--- Task description ---
Quote the entries in full, character for character, without their images.

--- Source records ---
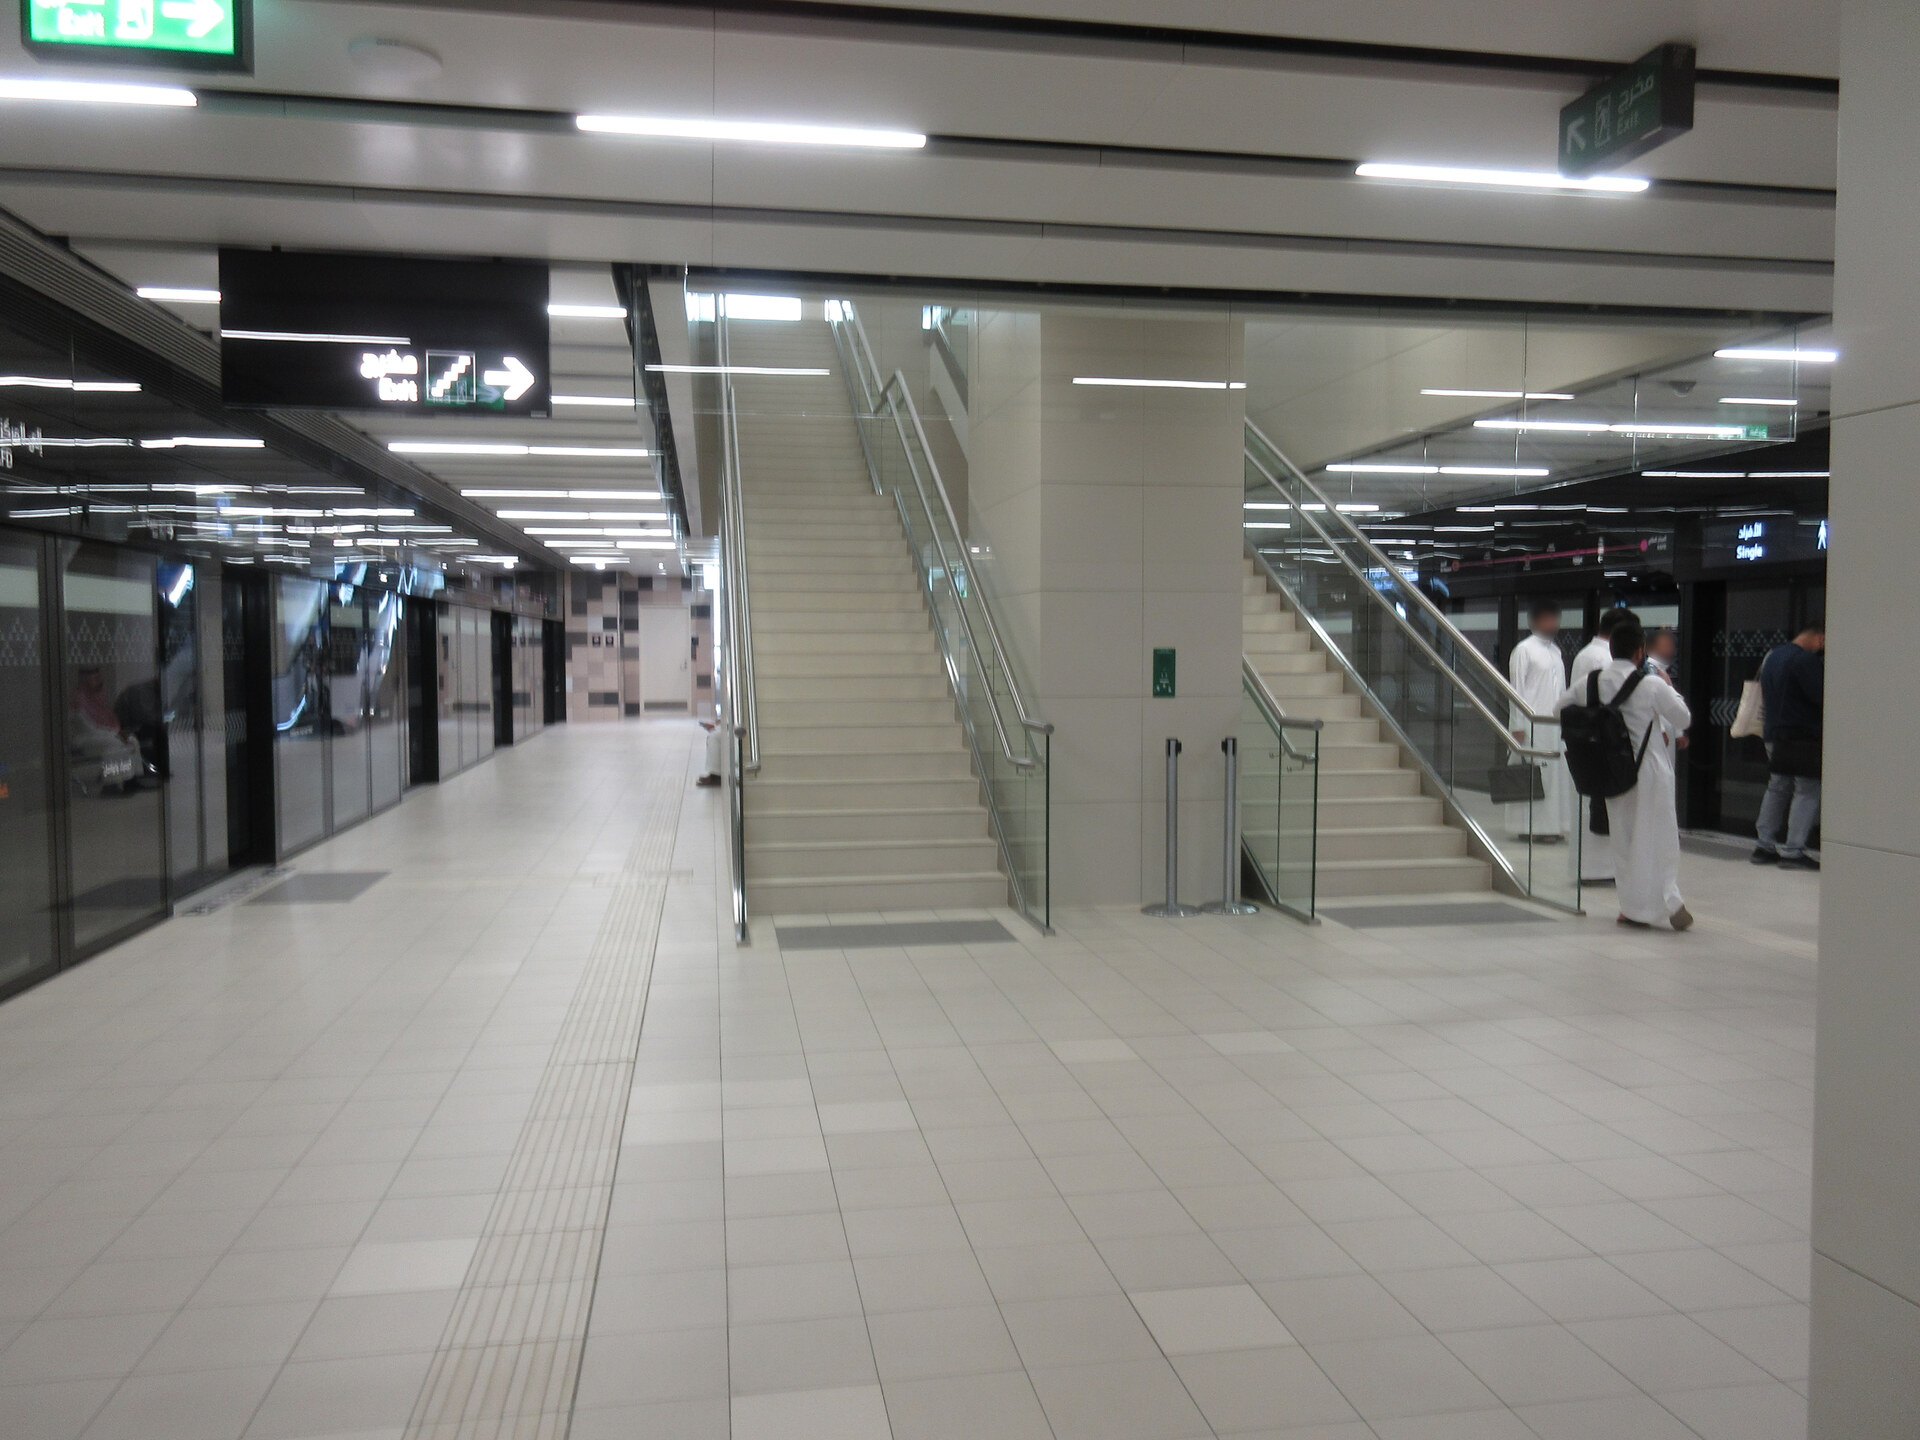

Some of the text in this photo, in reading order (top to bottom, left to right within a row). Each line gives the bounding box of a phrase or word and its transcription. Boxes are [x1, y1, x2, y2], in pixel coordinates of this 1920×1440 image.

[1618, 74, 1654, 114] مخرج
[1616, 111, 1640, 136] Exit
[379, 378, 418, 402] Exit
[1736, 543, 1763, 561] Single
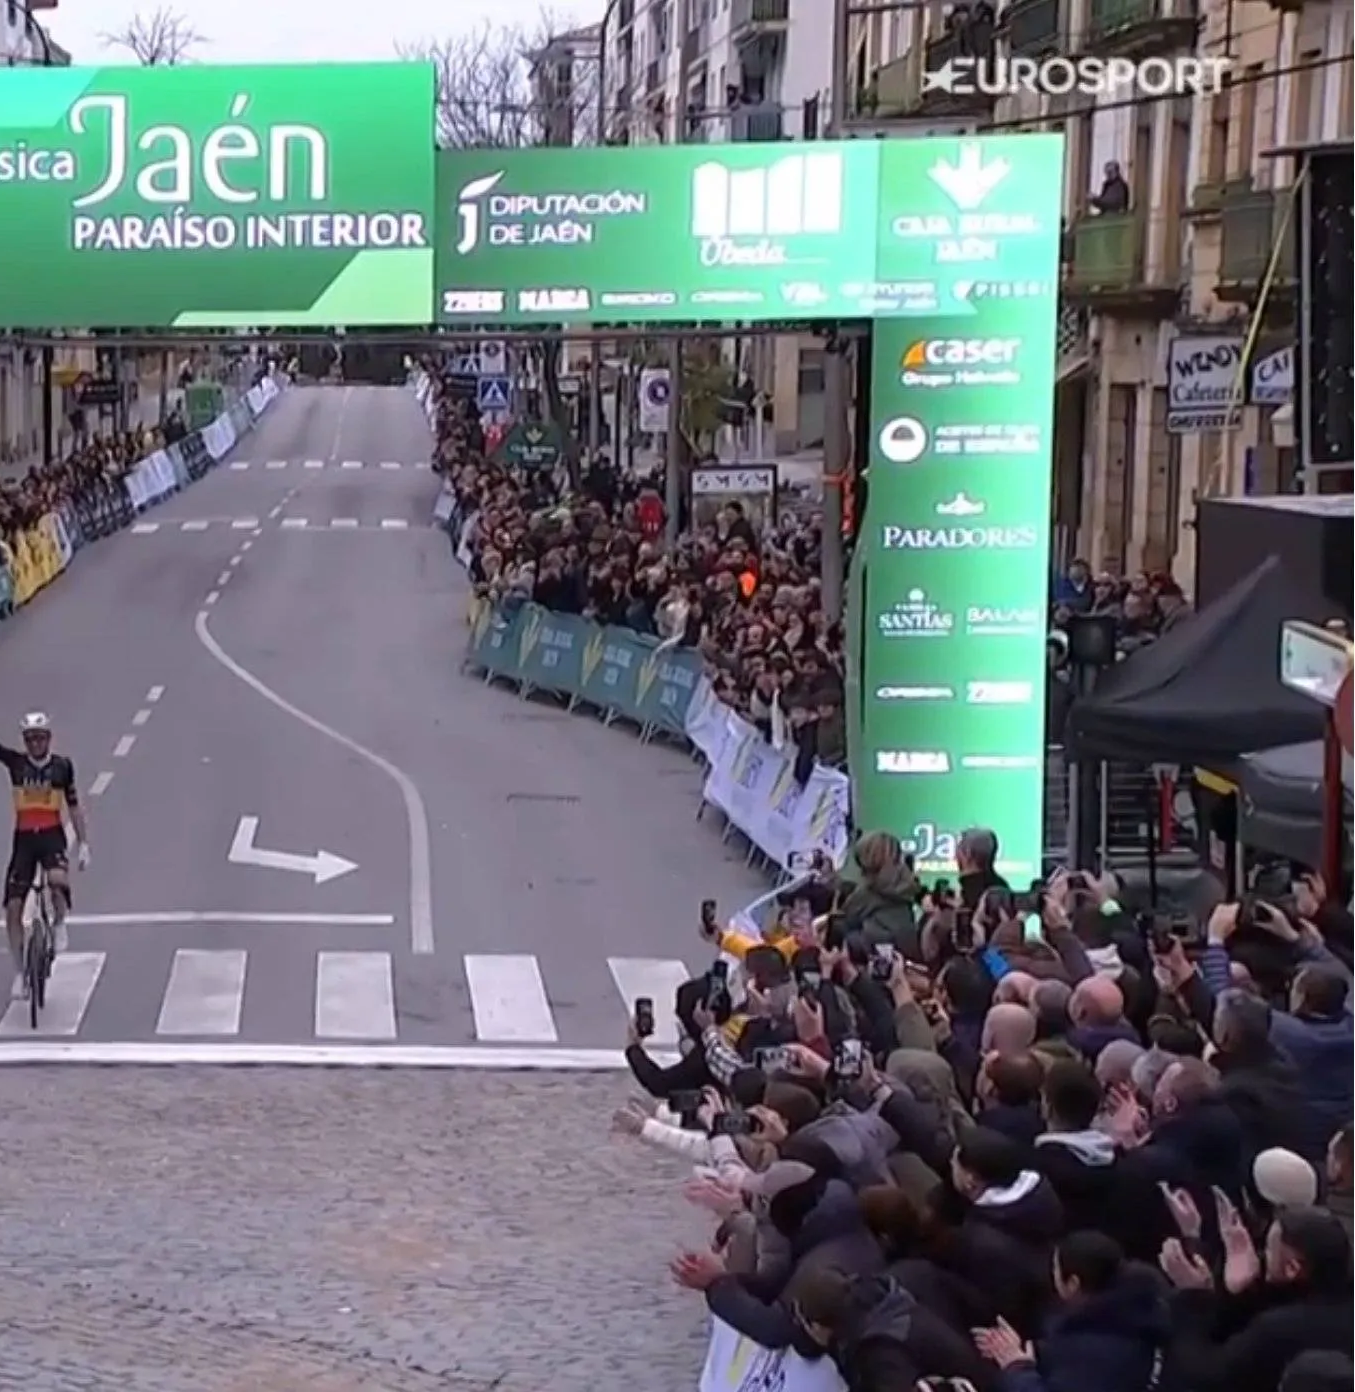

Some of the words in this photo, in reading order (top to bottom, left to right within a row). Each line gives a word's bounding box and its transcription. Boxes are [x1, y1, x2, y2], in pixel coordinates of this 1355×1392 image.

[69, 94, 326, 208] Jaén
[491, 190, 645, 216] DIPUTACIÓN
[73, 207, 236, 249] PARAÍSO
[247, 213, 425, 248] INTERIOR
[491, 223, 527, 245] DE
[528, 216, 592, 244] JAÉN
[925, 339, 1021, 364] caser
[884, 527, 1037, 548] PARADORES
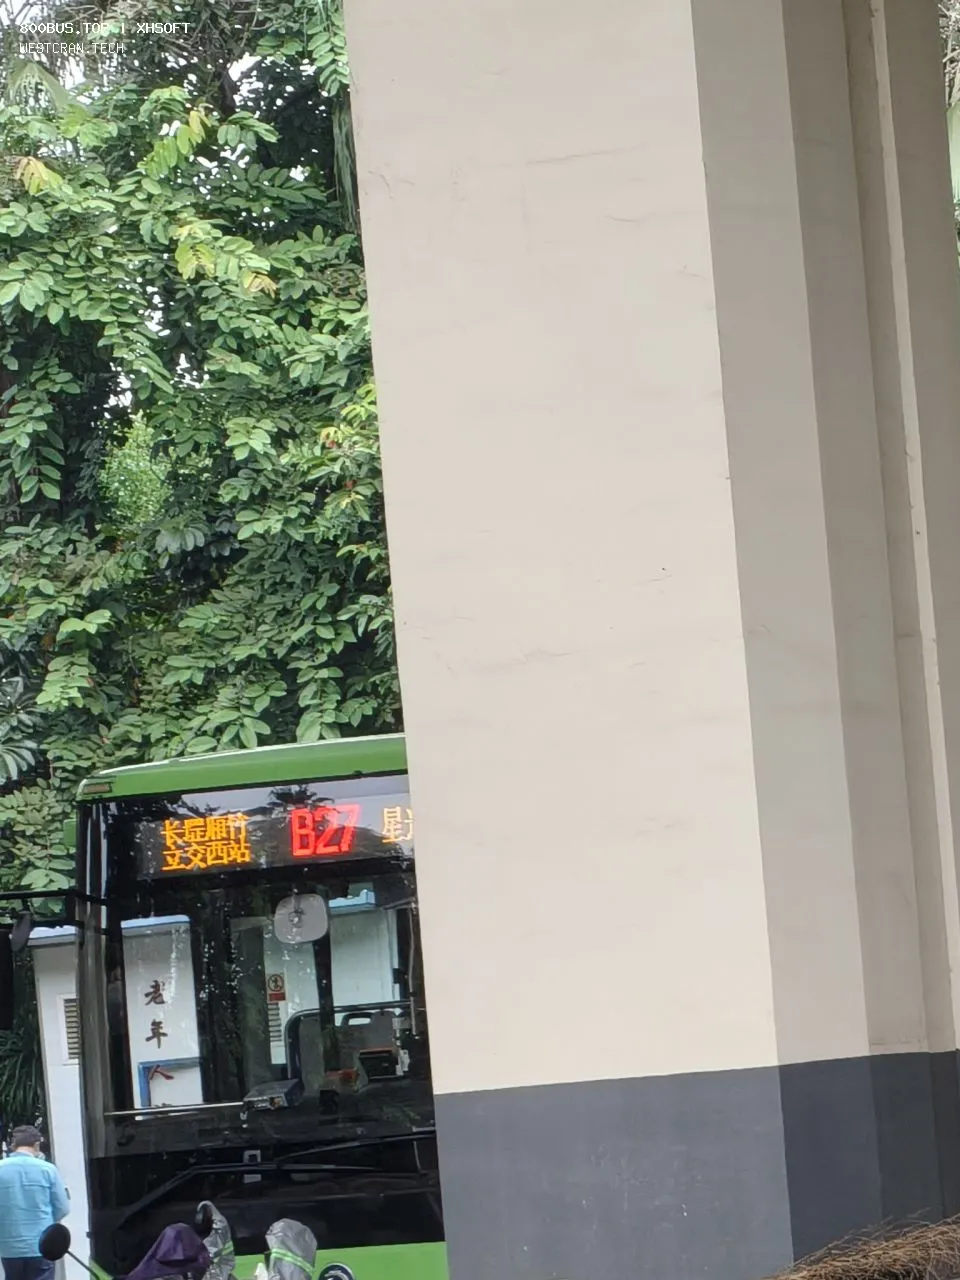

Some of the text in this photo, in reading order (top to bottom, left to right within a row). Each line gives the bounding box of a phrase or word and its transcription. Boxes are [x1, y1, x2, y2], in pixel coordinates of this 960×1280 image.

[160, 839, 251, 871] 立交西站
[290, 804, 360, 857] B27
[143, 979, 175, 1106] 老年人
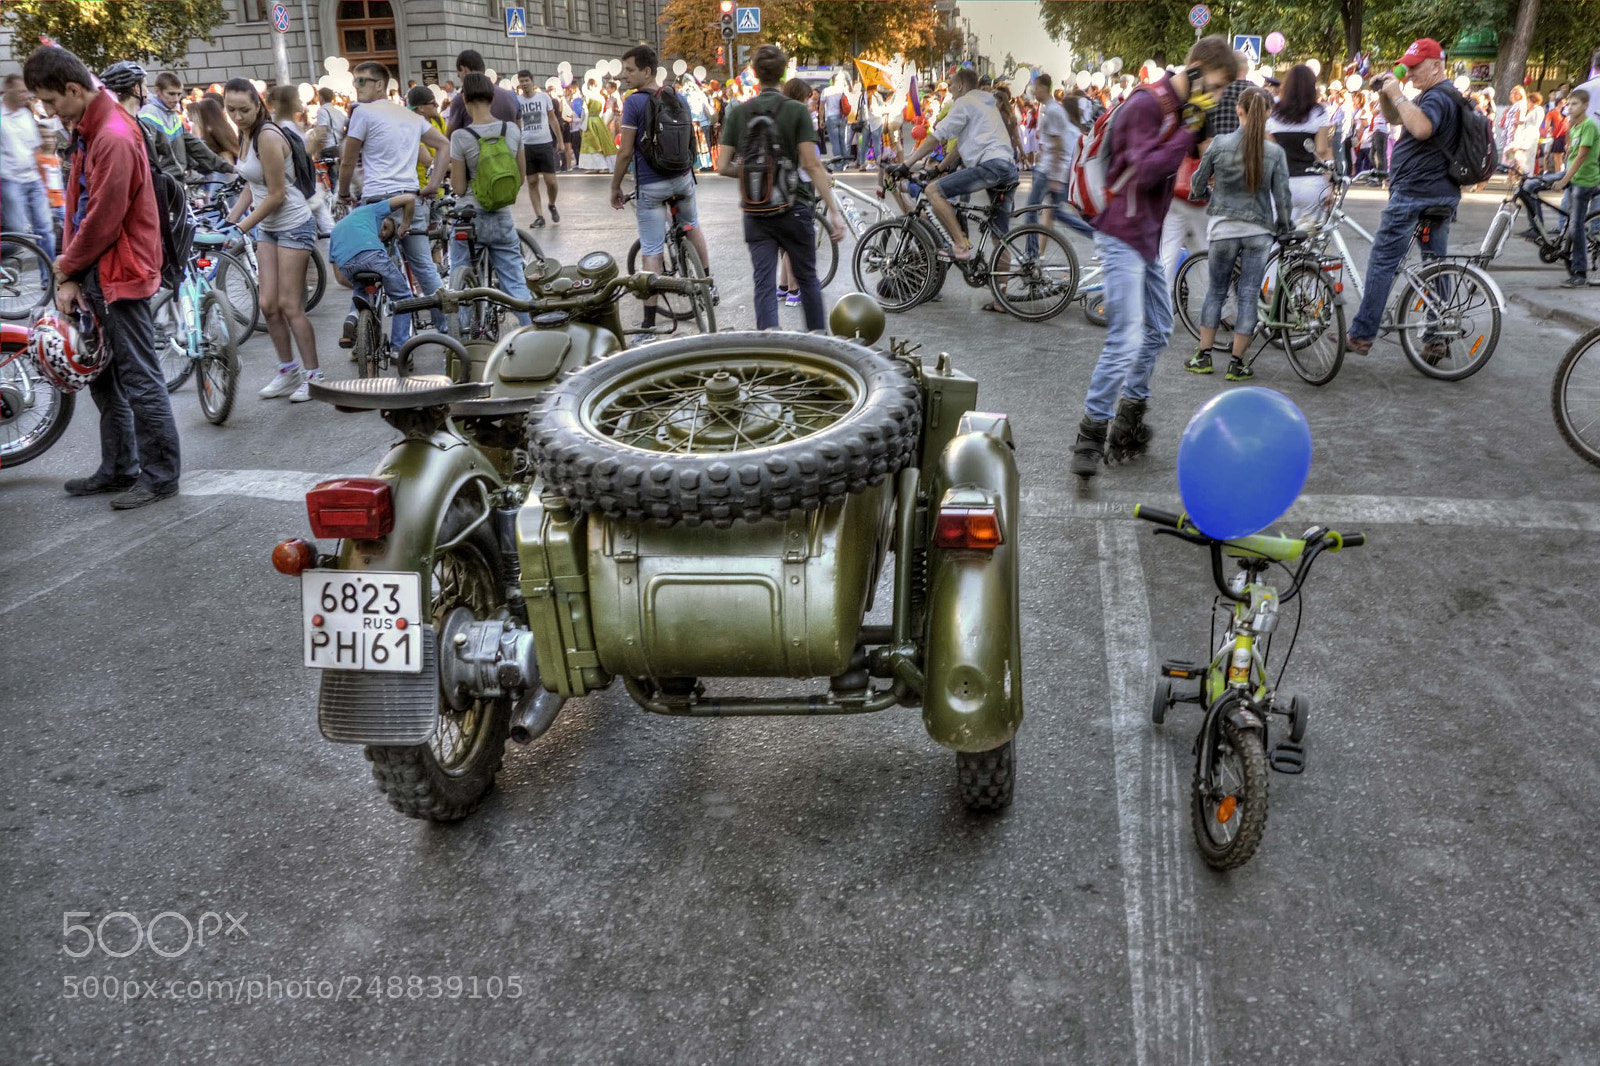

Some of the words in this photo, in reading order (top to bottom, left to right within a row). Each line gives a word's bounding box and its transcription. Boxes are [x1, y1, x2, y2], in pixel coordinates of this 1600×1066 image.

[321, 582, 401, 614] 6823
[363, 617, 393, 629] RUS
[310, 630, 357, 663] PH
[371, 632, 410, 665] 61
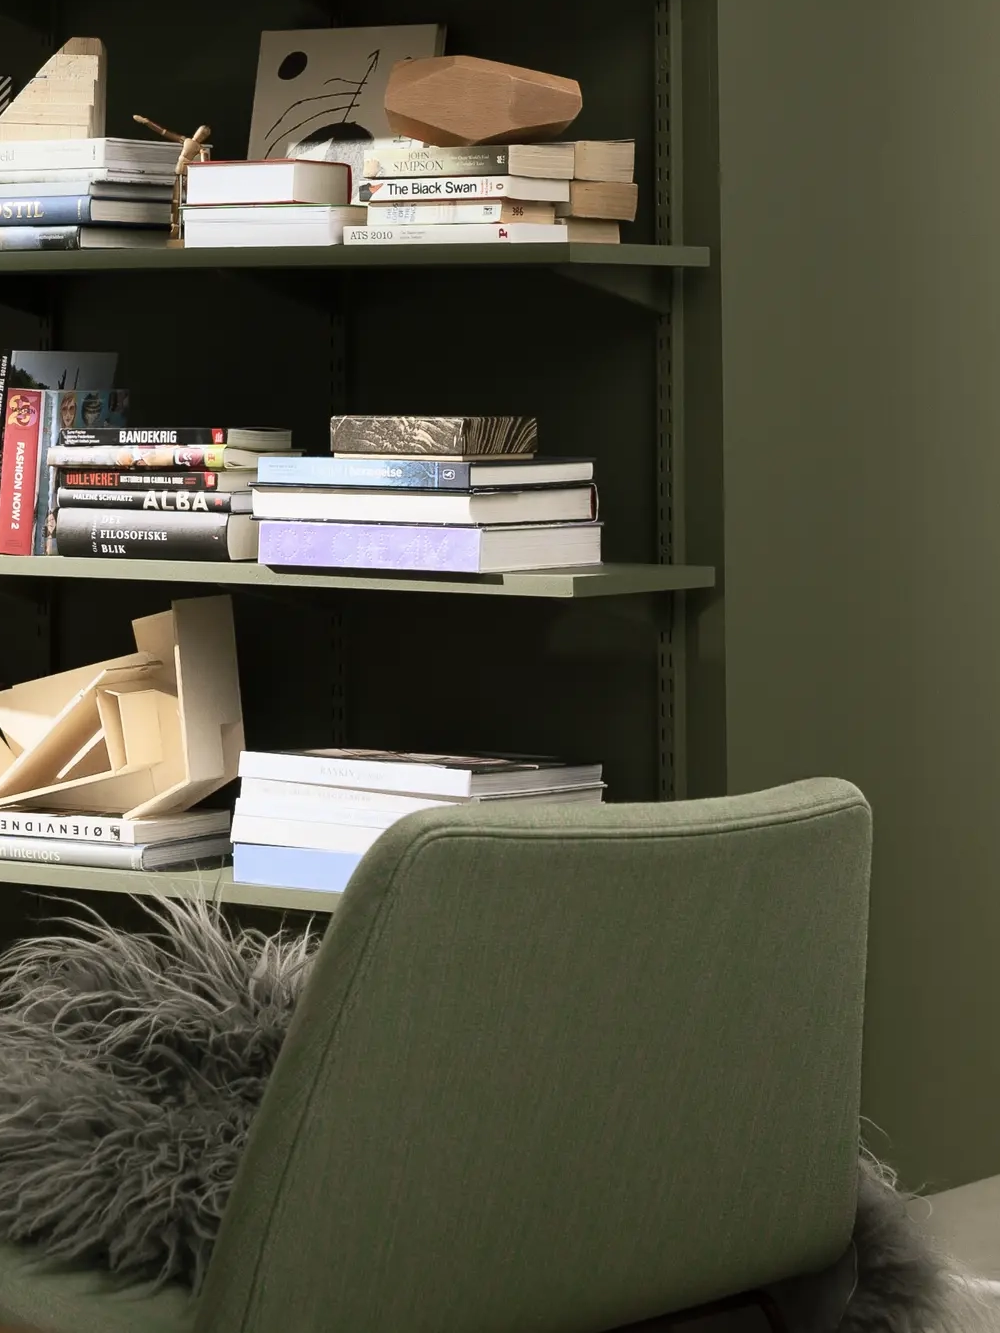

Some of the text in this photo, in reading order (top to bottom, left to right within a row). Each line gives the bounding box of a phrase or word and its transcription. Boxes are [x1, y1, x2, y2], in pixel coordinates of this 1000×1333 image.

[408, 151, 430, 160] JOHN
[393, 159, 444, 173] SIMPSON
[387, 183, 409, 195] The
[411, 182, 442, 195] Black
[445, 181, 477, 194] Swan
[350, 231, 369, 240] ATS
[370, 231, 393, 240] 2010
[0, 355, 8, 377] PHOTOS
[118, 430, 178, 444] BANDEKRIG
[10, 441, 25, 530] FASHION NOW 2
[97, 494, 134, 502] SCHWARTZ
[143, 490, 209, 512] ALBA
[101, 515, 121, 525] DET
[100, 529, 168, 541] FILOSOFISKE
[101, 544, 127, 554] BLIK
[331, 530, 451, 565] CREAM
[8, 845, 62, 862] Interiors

--- Solution to the problem ---
Some of the text in this photo, in reading order (top to bottom, left to right within a row). Each line gives the bounding box of a phrase or word and its transcription. Boxes are [x1, y1, x2, y2], in pixel coordinates of this 1920×1440 image.

[1618, 74, 1654, 114] مخرج
[1616, 111, 1640, 136] Exit
[379, 378, 418, 402] Exit
[1736, 543, 1763, 561] Single

Some of the words in this photo, in reading order (top to bottom, left to right within a row). Each line gives a word's bounding box and its transcription. Boxes are [x1, y1, x2, y2], in pixel coordinates of this 1355×1392 image.

[69, 94, 326, 208] Jaén
[491, 190, 645, 216] DIPUTACIÓN
[73, 207, 236, 249] PARAÍSO
[247, 213, 425, 248] INTERIOR
[491, 223, 527, 245] DE
[528, 216, 592, 244] JAÉN
[925, 339, 1021, 364] caser
[884, 527, 1037, 548] PARADORES

Some of the text in this photo, in reading order (top to bottom, left to right within a row). Each line gives the bounding box of a phrase or word and its transcription. Boxes are [x1, y1, x2, y2], in pixel coordinates of this 960×1280 image.

[160, 839, 251, 871] 立交西站
[290, 804, 360, 857] B27
[143, 979, 175, 1106] 老年人

Some of the words in this photo, in reading order (top to bottom, left to right within a row). Each line gives a word's bounding box and its transcription. Boxes are [x1, y1, x2, y2], in pixel coordinates of this 1600×1066 image.

[321, 582, 401, 614] 6823
[363, 617, 393, 629] RUS
[310, 630, 357, 663] PH
[371, 632, 410, 665] 61

Some of the text in this photo, in reading order (top to bottom, left to right within a row). Each line gives the bounding box of a phrase or word and its transcription. Boxes are [x1, y1, x2, y2], in pixel coordinates of this 1000×1333 image.

[408, 151, 430, 160] JOHN
[393, 159, 444, 173] SIMPSON
[387, 183, 409, 195] The
[411, 182, 442, 195] Black
[445, 181, 477, 194] Swan
[350, 231, 369, 240] ATS
[370, 231, 393, 240] 2010
[0, 355, 8, 377] PHOTOS
[118, 430, 178, 444] BANDEKRIG
[10, 441, 25, 530] FASHION NOW 2
[97, 494, 134, 502] SCHWARTZ
[143, 490, 209, 512] ALBA
[101, 515, 121, 525] DET
[100, 529, 168, 541] FILOSOFISKE
[101, 544, 127, 554] BLIK
[331, 530, 451, 565] CREAM
[8, 845, 62, 862] Interiors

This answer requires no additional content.